#### Data for this exercise

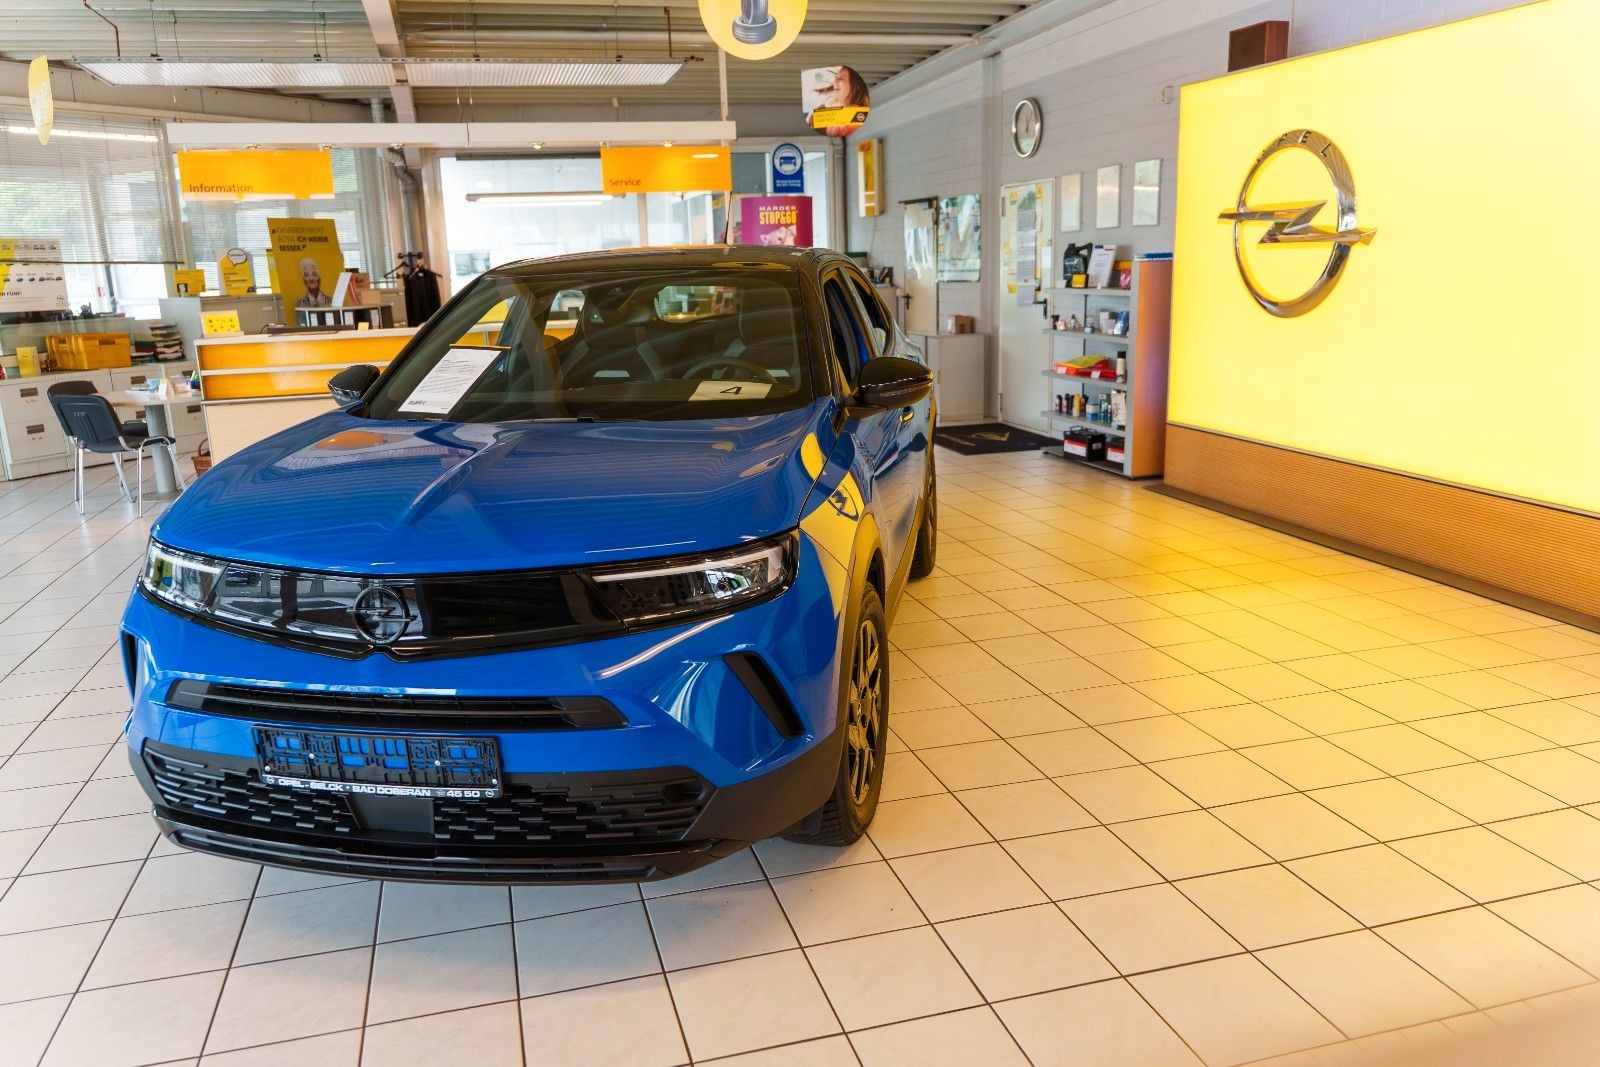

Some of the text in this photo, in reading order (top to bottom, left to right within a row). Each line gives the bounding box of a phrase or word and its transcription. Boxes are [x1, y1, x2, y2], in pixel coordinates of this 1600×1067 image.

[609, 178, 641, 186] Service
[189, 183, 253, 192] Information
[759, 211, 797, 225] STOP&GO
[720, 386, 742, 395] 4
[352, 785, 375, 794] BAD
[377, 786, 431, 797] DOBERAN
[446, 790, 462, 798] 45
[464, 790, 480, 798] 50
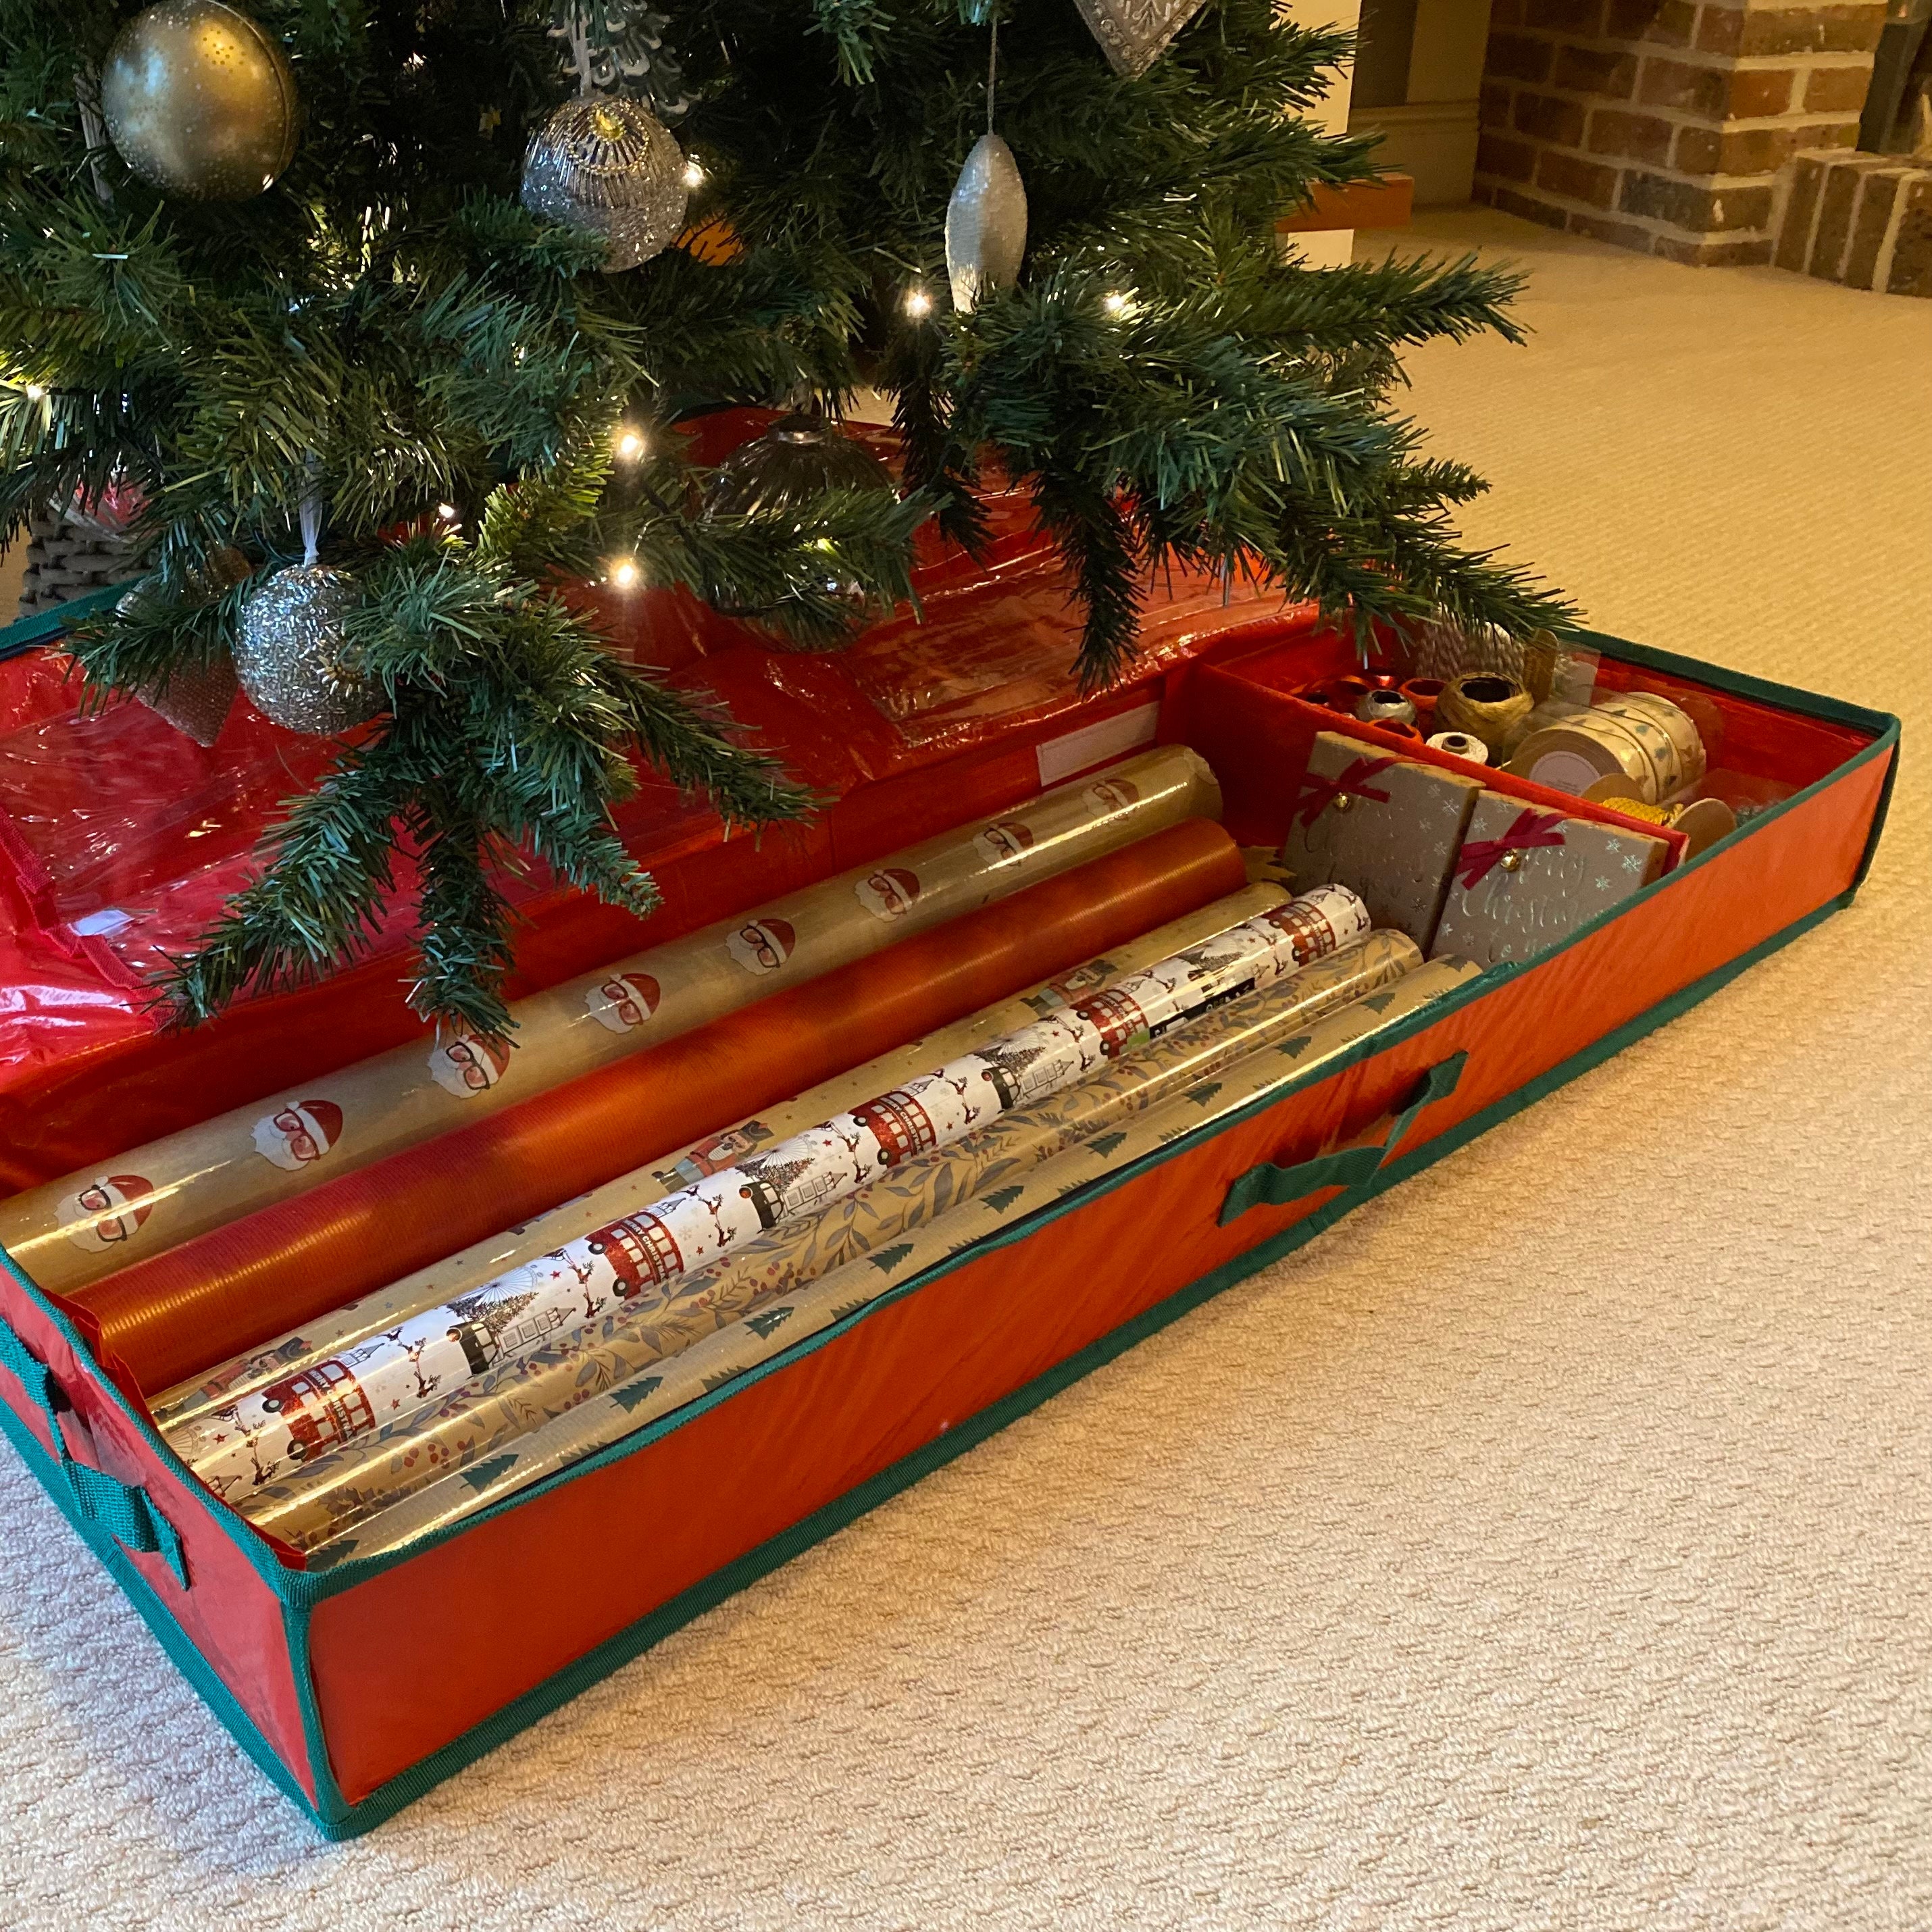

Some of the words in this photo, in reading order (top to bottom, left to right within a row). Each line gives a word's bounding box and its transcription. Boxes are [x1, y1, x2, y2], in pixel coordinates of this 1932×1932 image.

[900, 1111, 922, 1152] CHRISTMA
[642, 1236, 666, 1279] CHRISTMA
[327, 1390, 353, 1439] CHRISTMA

########

What you should do: Beginning at the line that holds "Some of the words", copy every line through the end of the entries exactly as given, and only those lines.

Finished exercise:
Some of the words in this photo, in reading order (top to bottom, left to right within a row). Each line gives a word's bounding box and its transcription. Boxes are [x1, y1, x2, y2], in pixel coordinates of this 1932×1932 image.

[900, 1111, 922, 1152] CHRISTMA
[642, 1236, 666, 1279] CHRISTMA
[327, 1390, 353, 1439] CHRISTMA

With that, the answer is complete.